【試乗記】「クラス関係なしに最高」 メルセデス・ベンツ新型「Cクラス」

Autoblog JP(オートブログ) / 2014年5月31日 14時0分

【試乗記】「クラス関係なしに最高」 メルセデス・ベンツ新型「Cクラス」



我々は、子どもの頃から"ハシゴ"がいかに大切なものであるか、遊びの中から学んできた。聖書に登場するヤコブがどんな人物でどこを目指してハシゴを登っていたのか知らなかったとしても、紐を使って「ヤコブのハシゴ」(あやとり)を作ったことがあるはずだ。「ヘビとハシゴ」という子ども向けのすごろくでも、勝つためにハシゴのマス目を登ったりした。そして、大人にとって、ハシゴはより現実的な意味合いを帯びてくる。もちろん、比喩ではあるが、人生というゲームに勝ちたければ、ハシゴを登らなければならない。厄介事を避け、ハシゴを上がり続けていくのだ。
1980年代初頭にドイツの自動車メーカーが、4つの車輪がついた「クルマ型のハシゴ」を考え出した。つまり、アルファベットや数字をクルマの名前にし、上昇志向を刺激したのである。現在でも3種類のセダンがハシゴを用意している。C、E、Sや3、5、7、またはA4、A6、A8のことだ。どの「クルマ型ハシゴ」であっても、上に登っていかなければならなかった。一番下の段に足をかけるのは、上まで登るつもりがあるからだ。少なくとも、できるだけ一番上に近づこうとする。

しかし、新型メルセデス・ベンツ「Cクラス」の登場によって、それも変わるかも知れない。Cクラスが良く出来ていれば、それより上を目指す必要もなくなるからだ。
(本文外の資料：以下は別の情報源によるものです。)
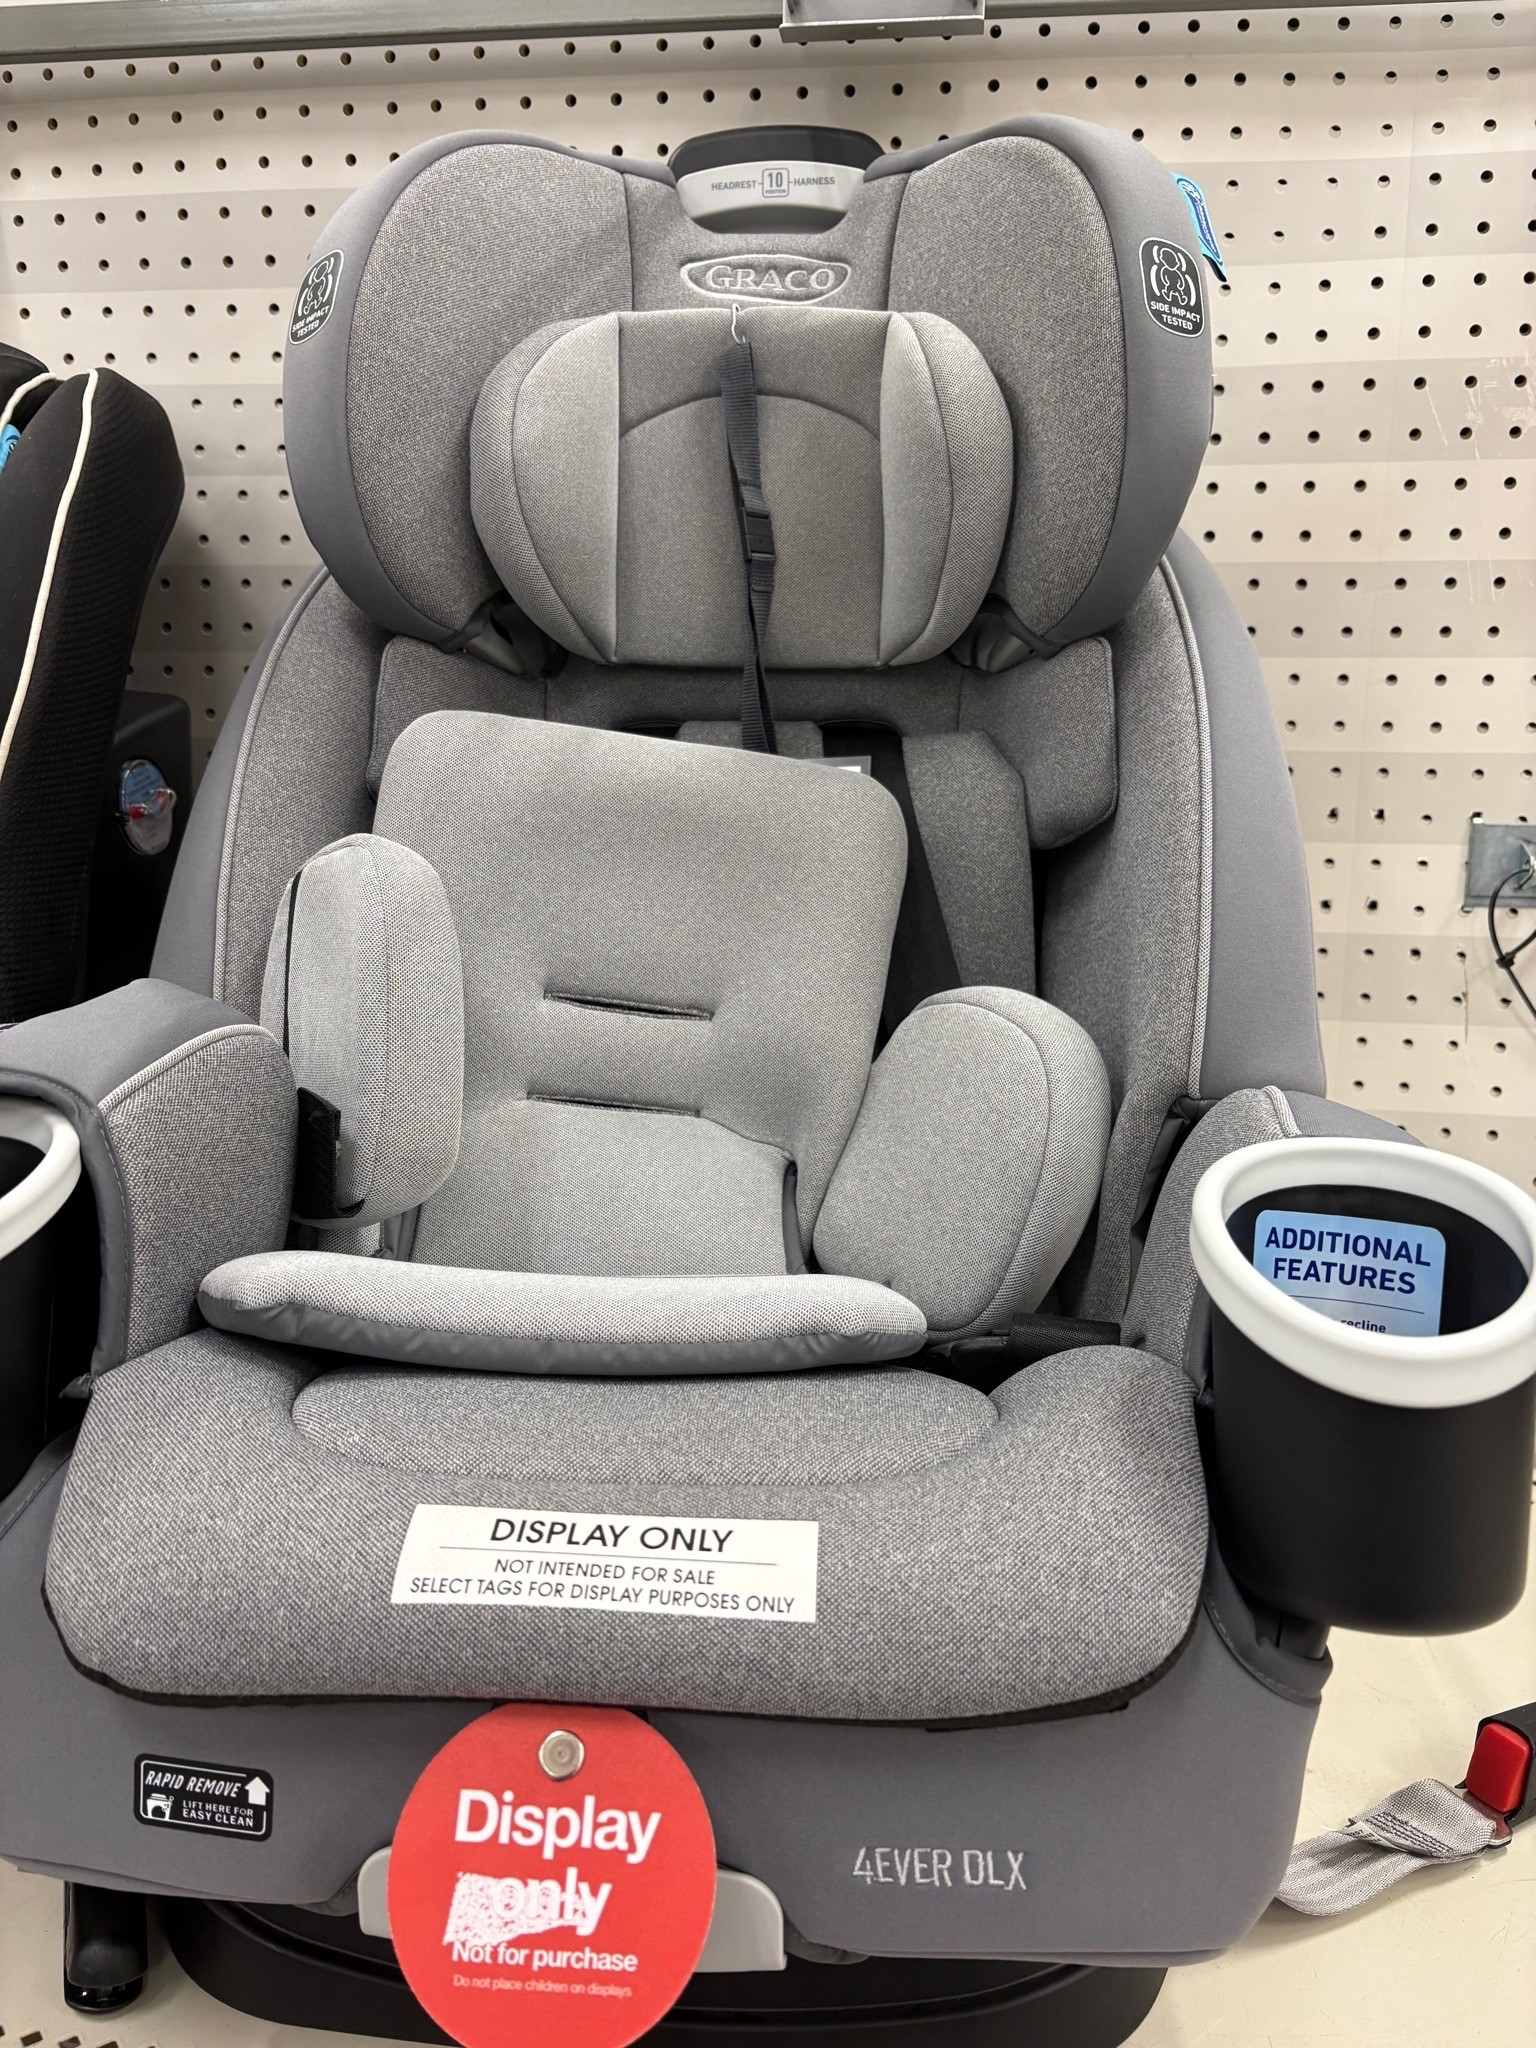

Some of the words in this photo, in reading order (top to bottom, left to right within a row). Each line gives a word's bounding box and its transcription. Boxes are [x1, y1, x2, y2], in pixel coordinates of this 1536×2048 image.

[711, 180, 757, 191] HEADREST
[768, 172, 783, 188] 10
[793, 177, 835, 186] HARNESS
[705, 265, 836, 292] GRACO
[292, 319, 305, 332] SIDE
[306, 306, 329, 324] IMPACT
[1150, 301, 1170, 313] SIDE
[1171, 306, 1201, 323] IMPACT
[1161, 314, 1193, 330] TESTED
[297, 320, 320, 338] TESTED
[1265, 1226, 1431, 1267] ADDITIONAL
[1273, 1257, 1416, 1295] FEATURES
[490, 1518, 630, 1548] DISPLAY
[640, 1527, 734, 1552] ONLY
[494, 1559, 534, 1573] NOT
[538, 1561, 626, 1579] INTENDED
[631, 1566, 668, 1582] FOR
[673, 1568, 716, 1585] SALE
[410, 1577, 473, 1594] SELECT
[477, 1579, 523, 1596] TAGS
[528, 1581, 565, 1598] FOR
[570, 1584, 643, 1603] DISPLAY
[648, 1589, 740, 1610] PURPOSES
[746, 1595, 795, 1614] ONLY
[145, 1770, 185, 1790] RAPID
[186, 1776, 242, 1798] REMOVE
[182, 1800, 202, 1810] LIFT
[205, 1803, 231, 1814] HERE
[233, 1807, 254, 1817] FOR
[182, 1808, 212, 1821] EASY
[214, 1812, 254, 1828] CLEAN
[454, 1788, 662, 1865] Display
[852, 1846, 953, 1887] 4EVER
[962, 1849, 1028, 1891] DLX
[493, 1866, 613, 1937] only
[451, 1940, 494, 1964] Not
[498, 1944, 529, 1966] for
[532, 1947, 639, 1972] purchase
[453, 1974, 470, 1988] Do
[472, 1976, 491, 1990] not
[492, 1976, 523, 1991] place
[524, 1979, 568, 1994] children
[570, 1983, 586, 1995] on
[587, 1982, 633, 1999] displays
我々は何ヶ月も前から新しく出るCクラスについて書かれた情報を読み、実物もデトロイト・オートショーで見ることができた。したがって、主要な点についてはすでに知っているつもりだった。先代型に比べると、より大きく、より軽く、より速い。さらにエレガントさが増し、車内のスペースが広がり、パワーもアップし、ゴージャスになったということだ。だからジュネーブ・モーターショーの後で試乗の機会に恵まれた時、我々が最も優先的にすべき仕事はそれを確かめることだった。わずか数時間の試乗ではあったが、筆者はそれらがほぼ間違いない事実であるという第一印象を受けた。
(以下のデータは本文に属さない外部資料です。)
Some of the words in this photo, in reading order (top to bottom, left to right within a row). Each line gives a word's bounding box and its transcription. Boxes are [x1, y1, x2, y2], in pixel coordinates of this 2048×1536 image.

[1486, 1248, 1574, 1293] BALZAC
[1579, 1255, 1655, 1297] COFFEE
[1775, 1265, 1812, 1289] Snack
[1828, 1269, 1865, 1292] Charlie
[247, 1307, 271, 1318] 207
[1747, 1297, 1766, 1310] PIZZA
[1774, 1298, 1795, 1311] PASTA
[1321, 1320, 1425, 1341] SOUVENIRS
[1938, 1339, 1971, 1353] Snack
この新型Cクラスは「Sクラスのベイビー」と呼ばれているが、それには明らかな理由がある。先代Cクラスや最新のEクラスが採用している以前からのくさび型のデザインを捨て去ったのである。代わりに、ロングフードに徐々に繋がっていく垂直なフロントを採用。さらには、大きくゆったりとしたグリーンハウス、見るからに短くなったトランク、そして長くなったサイドには特徴的なラインが2本、鋭い流れを作って横切っている。まさしくSラインのデザイン戦略と同じである。